La pesada puerta se abrió sin ruido. Un vestíbulo gigantesco, enmarcado por una elevada galería, pantallas color de rosa, sin apoyos ni soportes, en las paredes inclinadas. Nichos, como ventanas abiertas a otra habitación, y en ellos, ni fotografías ni maniquíes, sino la propia Aen, enorme, justo delante de mí, abrazada por un hombre de cabellos oscuros que la besaba sobre la catarata de la escalera; Aen envuelta en un vestido blanco y luminoso; más lejos, Aen inclinada sobre flores de color lila, enormes como su rostro. Caminando tras ella, la vi de nuevo en otra ventana, sonriendo como una niña, sola, mientras la luz temblaba en sus cabellos cobrizos.

Escaleras verdes. Habitaciones blancas. Escaleras plateadas. Pasillos y después una habitación que palpitaba en un movimiento lento e incesante. Las paredes se desplazaban quedamente, formando corredores allí donde ella dirigía sus pasos; parecía posible la idea de que un espíritu intangible redondeaba las esquinas de las galerías, las cincelaba, y todo cuanto yo viera hasta ahora no había sido más que un umbral, un principio. Tras cruzar una habitación blanca, iluminada de tal modo por las más finas vetas de hielo que hasta las sombras se antojaban lechosas, entramos en una estancia de menor tamaño cuyo bronce era como un grito después de la inmaculada blancura de la otra. Aquí la única luz provenía de una fuente desconocida e indirecta que iluminaba nuestros rostros desde abajo; ella movió la mano y todo se oscureció; entonces se acercó a una pared y con algunos gestos provocó en ella una hinchazón que en seguida se extendió hasta formar una especie de doble estante; yo conocía la topología suficiente para saber cuánto trabajo de investigación debía de haber costado sólo la línea de apoyo.
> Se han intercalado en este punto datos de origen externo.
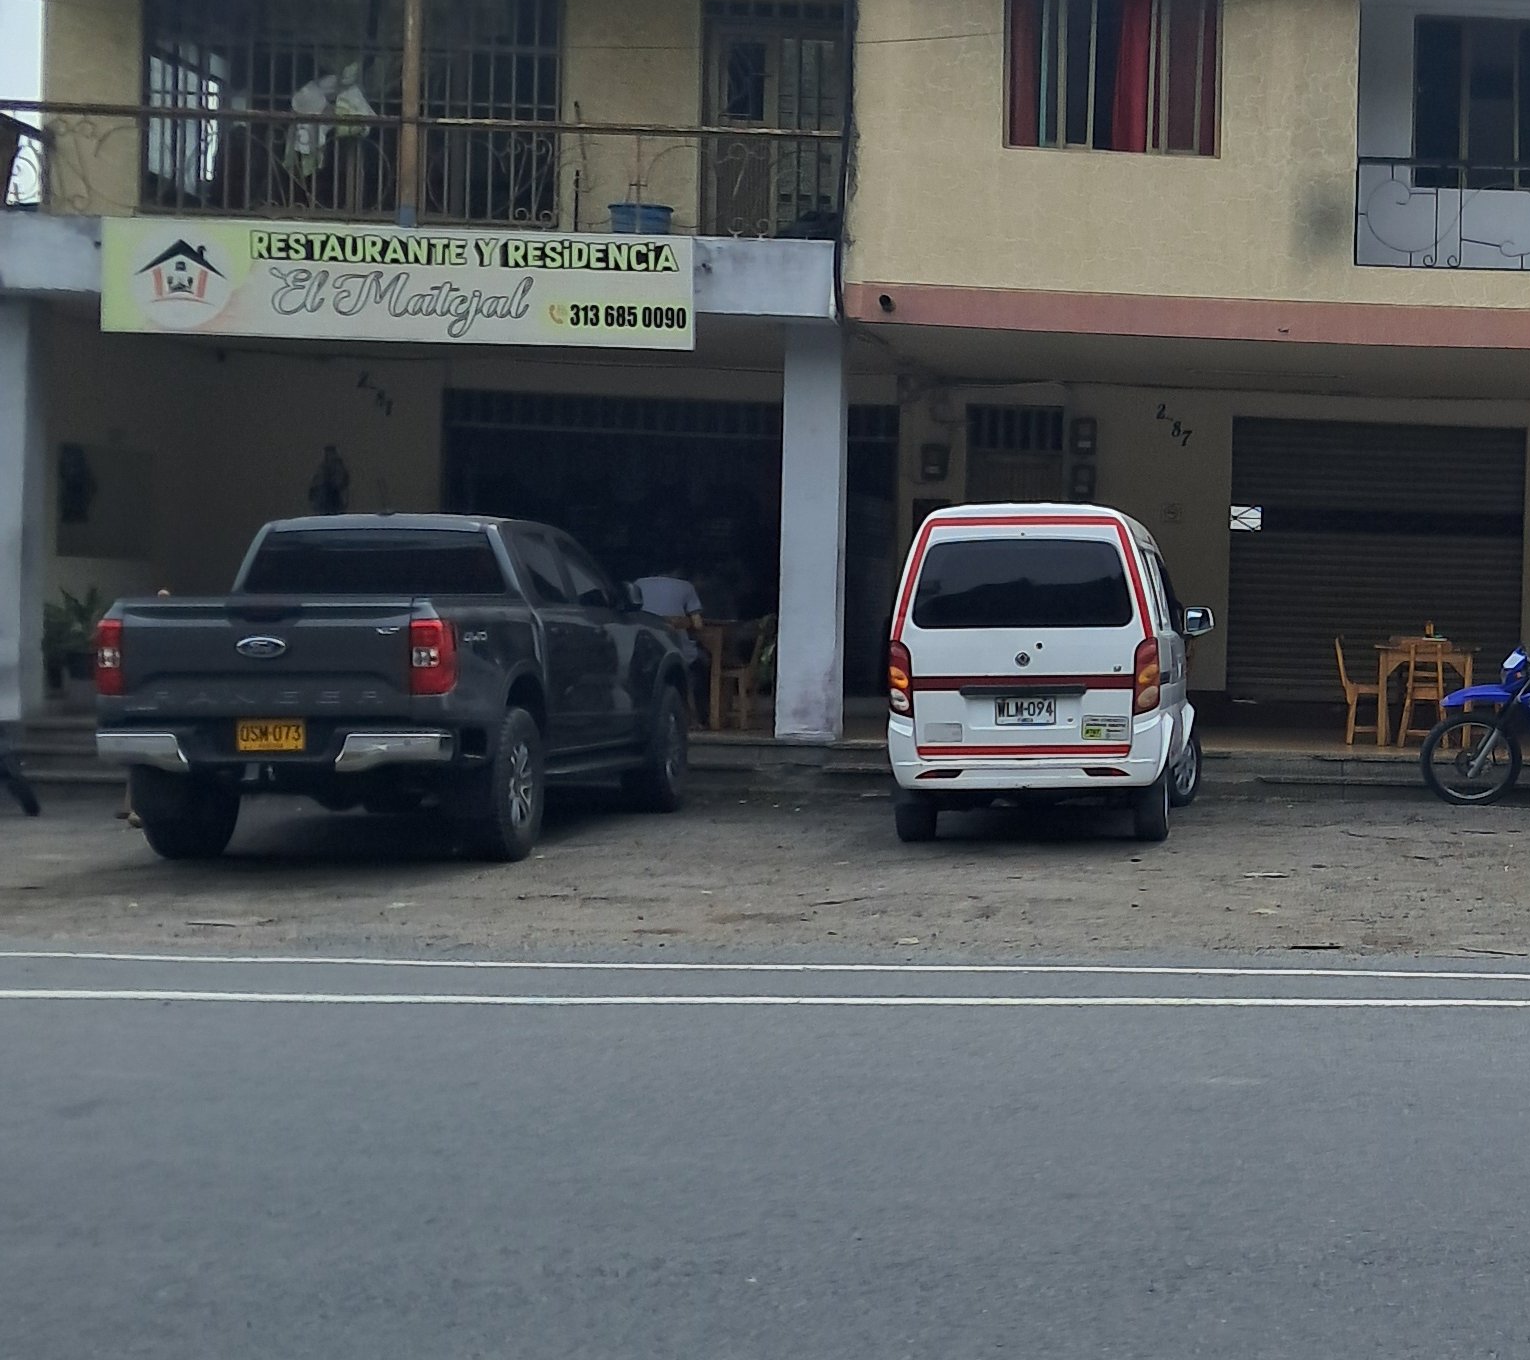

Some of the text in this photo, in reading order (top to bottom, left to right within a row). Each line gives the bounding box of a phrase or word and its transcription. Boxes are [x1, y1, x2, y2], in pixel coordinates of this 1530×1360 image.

[250, 230, 468, 266] RESTAURANTE
[475, 238, 500, 267] Y
[270, 268, 329, 316] El
[569, 304, 687, 329] 313 685 0090
[997, 701, 1054, 718] WLM-094
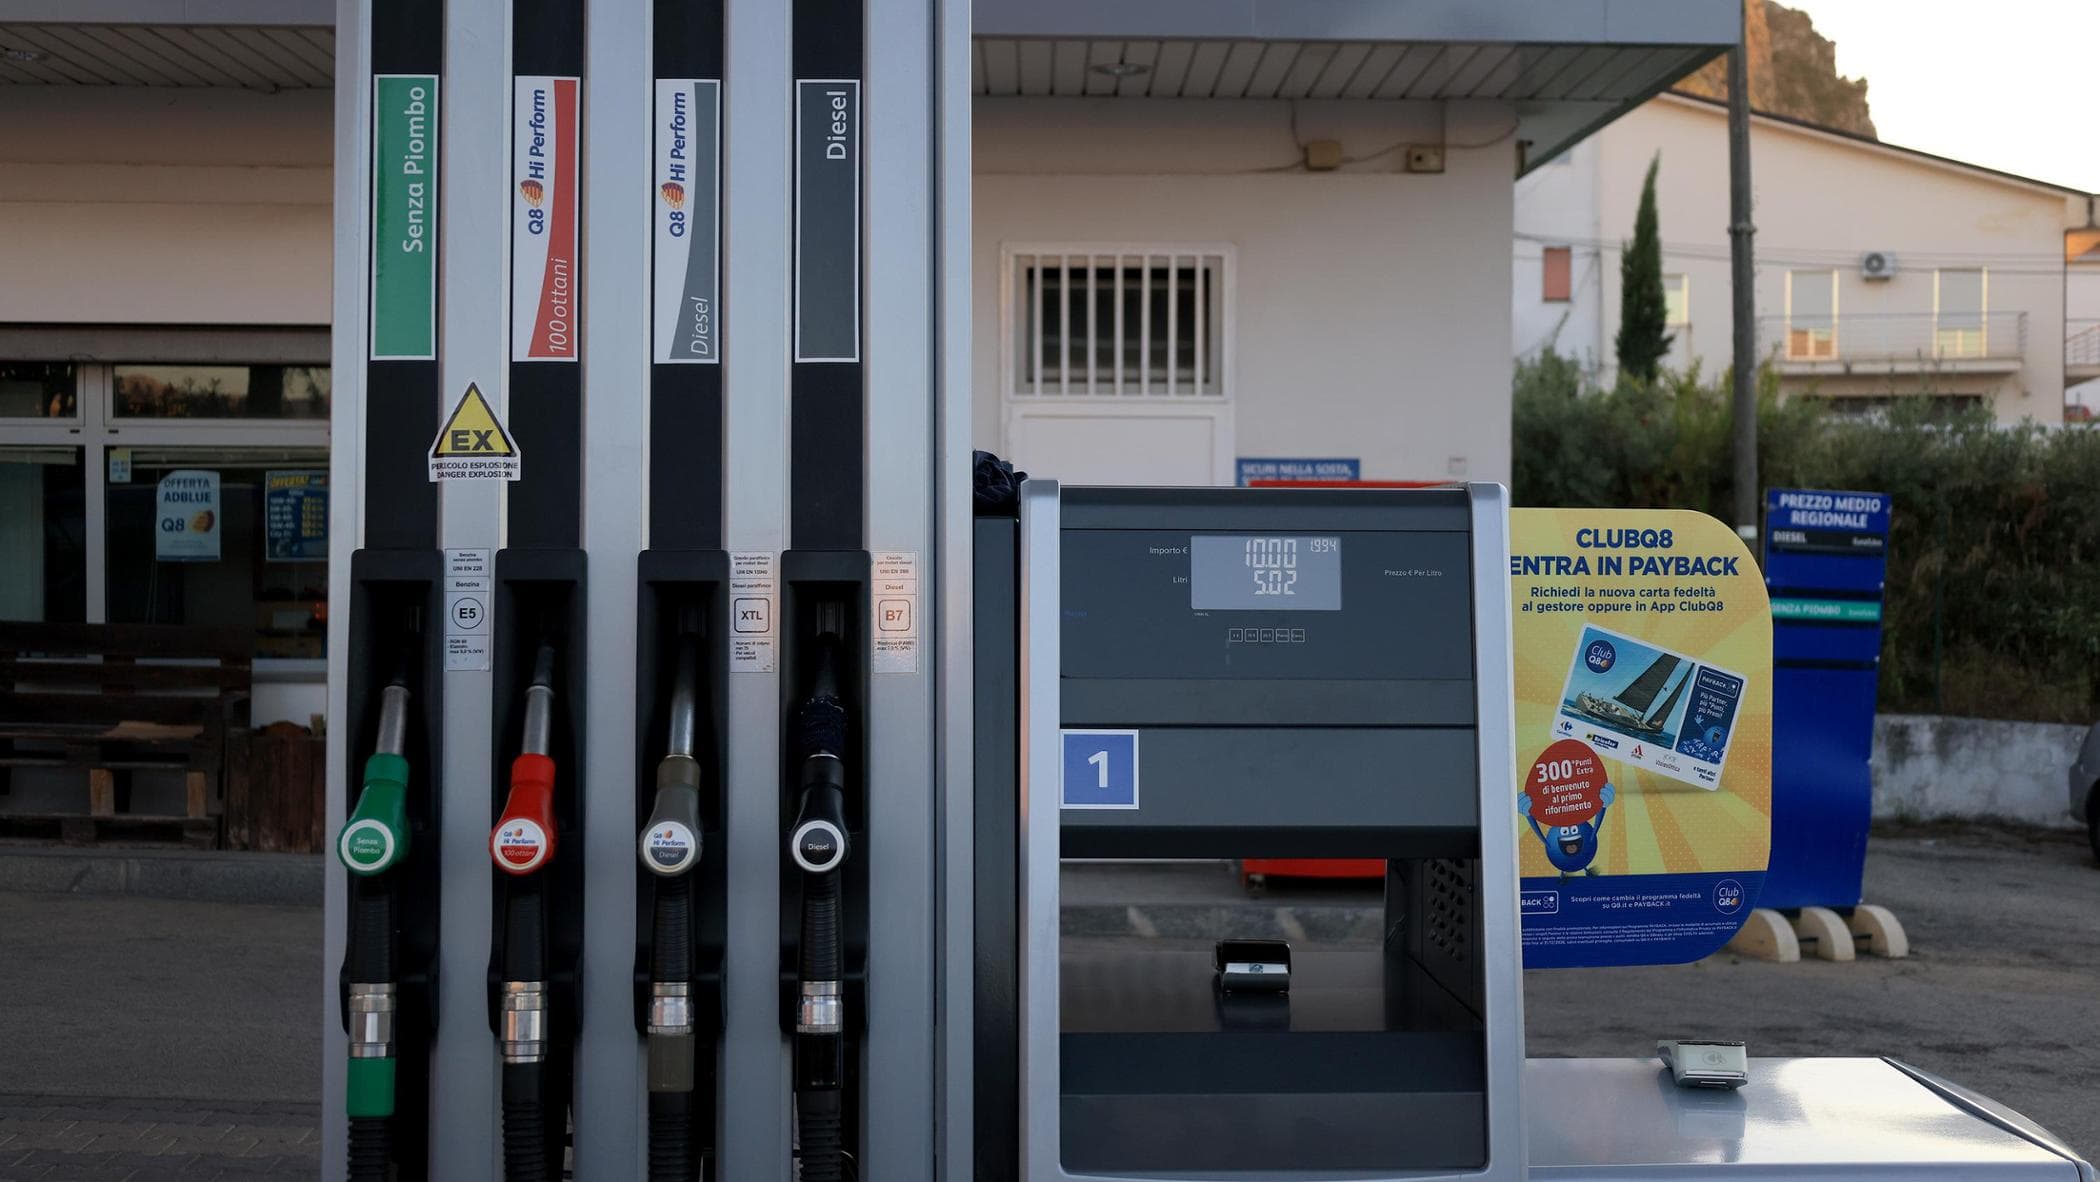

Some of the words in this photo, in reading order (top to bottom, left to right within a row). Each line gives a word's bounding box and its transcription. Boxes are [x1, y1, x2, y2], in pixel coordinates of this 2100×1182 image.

[529, 89, 546, 158] Perform
[670, 92, 687, 160] Perform
[826, 91, 847, 160] Diesel
[404, 86, 426, 175] Piombo
[529, 161, 545, 179] Hi
[670, 164, 686, 182] Hi
[402, 182, 424, 252] Senza
[528, 208, 544, 235] Q8
[669, 210, 686, 238] Q8
[690, 296, 709, 356] Diesel
[451, 430, 494, 451] EX
[432, 462, 468, 470] PERICOLO
[470, 462, 518, 470] ESPLOSIONE
[437, 470, 466, 478] DANGER
[468, 470, 512, 478] EXPLOSION
[164, 478, 210, 488] OFFERTA
[164, 492, 212, 504] ADBLUE
[1780, 493, 1833, 510] PREZZO
[1835, 496, 1881, 512] MEDIO
[162, 518, 185, 533] Q8
[1790, 510, 1868, 528] REGIONALE
[1576, 528, 1674, 549] CLUBQ8
[1773, 530, 1807, 543] DIESEL
[1150, 546, 1181, 554] Importo
[1182, 546, 1188, 554] €
[1246, 538, 1297, 568] 10.00
[1510, 556, 1591, 576] ENTRA
[1597, 556, 1622, 576] IN
[1628, 556, 1739, 576] PAYBACK
[1172, 576, 1188, 584] Litri
[1253, 570, 1297, 595] 5.02
[1530, 586, 1580, 598] Richiedi
[1584, 586, 1595, 598] la
[1600, 588, 1636, 598] nuova
[1639, 588, 1670, 598] carta
[1674, 586, 1716, 598] fedeltà
[459, 608, 477, 619] E5
[1522, 601, 1532, 612] al
[1536, 603, 1584, 614] gestore
[1588, 604, 1633, 614] oppure
[1636, 601, 1646, 612] in
[1650, 602, 1676, 614] App
[1679, 601, 1724, 612] ClubQ8
[741, 610, 763, 620] XTL
[886, 610, 903, 621] B7
[1592, 646, 1612, 659] Club
[1589, 656, 1602, 665] Q8
[1087, 750, 1108, 788] 1
[1536, 760, 1572, 782] 300
[1576, 767, 1594, 776] Extra
[1542, 786, 1550, 794] di
[1551, 781, 1590, 793] benvenuto
[1552, 796, 1560, 804] al
[1560, 793, 1582, 804] primo
[1545, 801, 1592, 815] rifornimento
[808, 842, 830, 850] Diesel
[1642, 894, 1678, 902] programma
[1719, 887, 1739, 897] Club
[1719, 898, 1730, 906] Q8
— Tenemos un invitado — dijo, deteniéndose. Del revestimiento de madera surgió una mesita baja, con dos servicios completos, que corrió hacia ella como un perro. Las luces grandes se apagaron cuando, desde el nicho del asiento (¡no tengo palabras para describir tales asientos!), ordenó con un gesto que apareciese una pequeña lámpara, y la pared la obedeció con igual premura.